Assuming all is well, we proceed to connecting to the instance.

ssh -i path-to-pem-file/your.pem centos@your-instance-ip	
cd /mnt/md0
git clone https://github.com/namebrandon/time-series-gen.git

Let’s then jump into the root directory where we clone the code, and install our python requirements.

cd time-series-gen/ && pip3 install -r requirements.txt

Next up is to edit gen.py to suit your needs. I’ve installed nano already in the build, but you’re far more of a man than I am, feel free to use vi or emacs. By default it is set to create 2.5 billion rows of data and to create 96 files (one per core of a r5ad.24xlarge). This will take about 12 hours to complete (Danger, Will Robinson! - this can get expensive depending on your instance type, you may want to start small the first time you walk through this process). Now is a good time to share some insight from developing this codebase….

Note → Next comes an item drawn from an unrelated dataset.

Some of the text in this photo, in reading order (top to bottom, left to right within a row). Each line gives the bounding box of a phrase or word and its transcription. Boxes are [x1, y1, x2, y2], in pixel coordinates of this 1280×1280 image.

In general, I’ve found this code to generate anywhere from 600 - 1,100 rows of data, per second, per core. There is a caveat here, and that is you can hit these numbers as long as you don’t run out of RAM and start spilling to disk. For reference, 1MM rows is about 150MB, so 2.5 billion rows = ~ 375GB uncompressed (thus the r5ad.24xlarge). The Python code is using the multiprocessing library and assumes the optimal one file/chunk per core ratio (around line 71 in the code). Of course core speed and utilization will impact this, but I’ve found 1k rows/core/second to be a decent rule of thumb, and this does seem to scale linearly, at least up until 96 cores. I have yet to hit a bottleneck on the I/O subsystem with the RAID 0 NVME setup, and I would guess this will continue to scale pretty well, even beyond 128 cores. If you’ve got some time on your hands and want to test this, I would love to see your results!

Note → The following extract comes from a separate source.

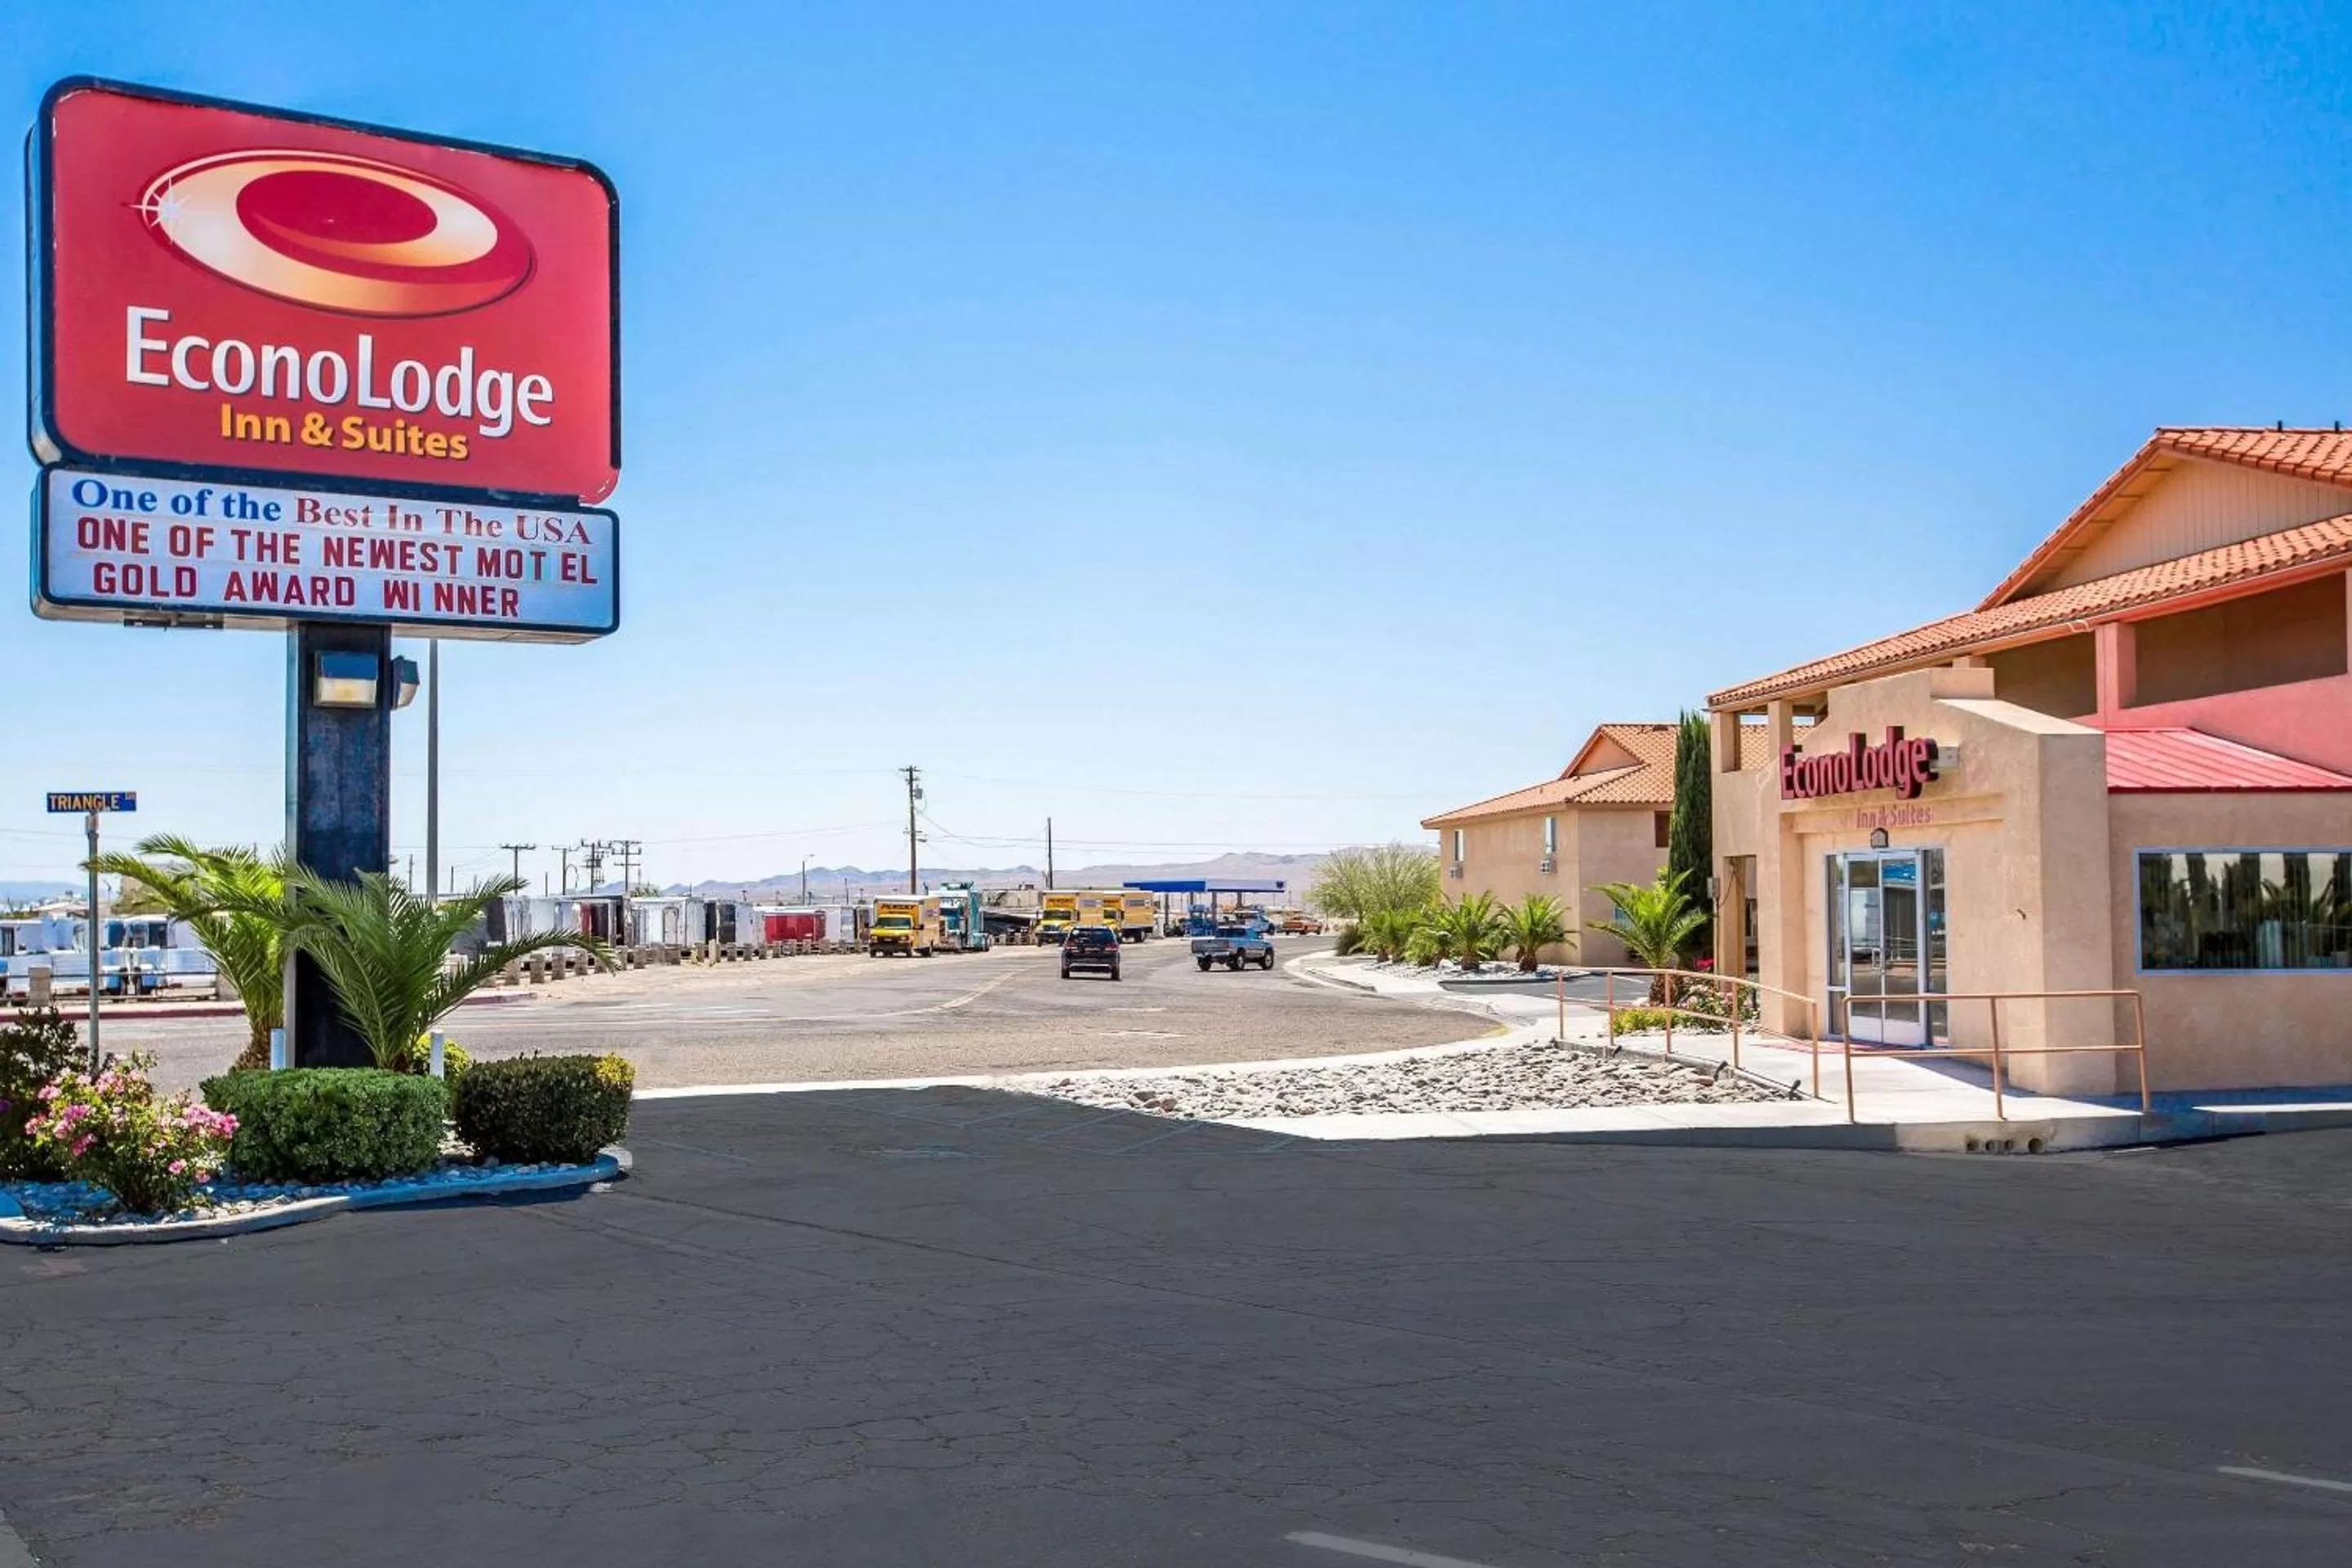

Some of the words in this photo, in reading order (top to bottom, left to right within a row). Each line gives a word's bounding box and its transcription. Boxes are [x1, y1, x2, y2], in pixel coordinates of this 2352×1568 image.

Now we kick off the code and generate our data.. Since this could potentially take a while (and be expensive depending on your instance choice), I suggest using screen (again, already installed for you) to create a recoverable session. Your call!

screen -S datagen
python3 gen.py

If you’re new to screen, hitting CTRL-A then just “D” will detach you. You can get screen session details with screen -list and reattach with screen -r [session-name], in this case the session name is datagen.

Data Import

Assuming your data generation went fine and it’s minutes to several hours later, let’s get the data loaded into ClickHouse to experiment with.

From the repo root directory we’re going to chmod the shell scripts as executable as well as provide some config overrides so that ClickHouse will use our RAID 0 array for data and temp storage as opposed to the EBS volume it uses for the default mount point.

chmod +x *.sh
sudo cp time-series.conf /etc/clickhouse-server/conf.d/
sudo service clickhouse-server restart

After the clickhouse-server restart your should see some output that it initialized the new directory we provided in the config override.

Launch the ClickHouse client to test connectivity ( clickhouse-client). Assuming all was successful, you can use exit to exit the SQL client.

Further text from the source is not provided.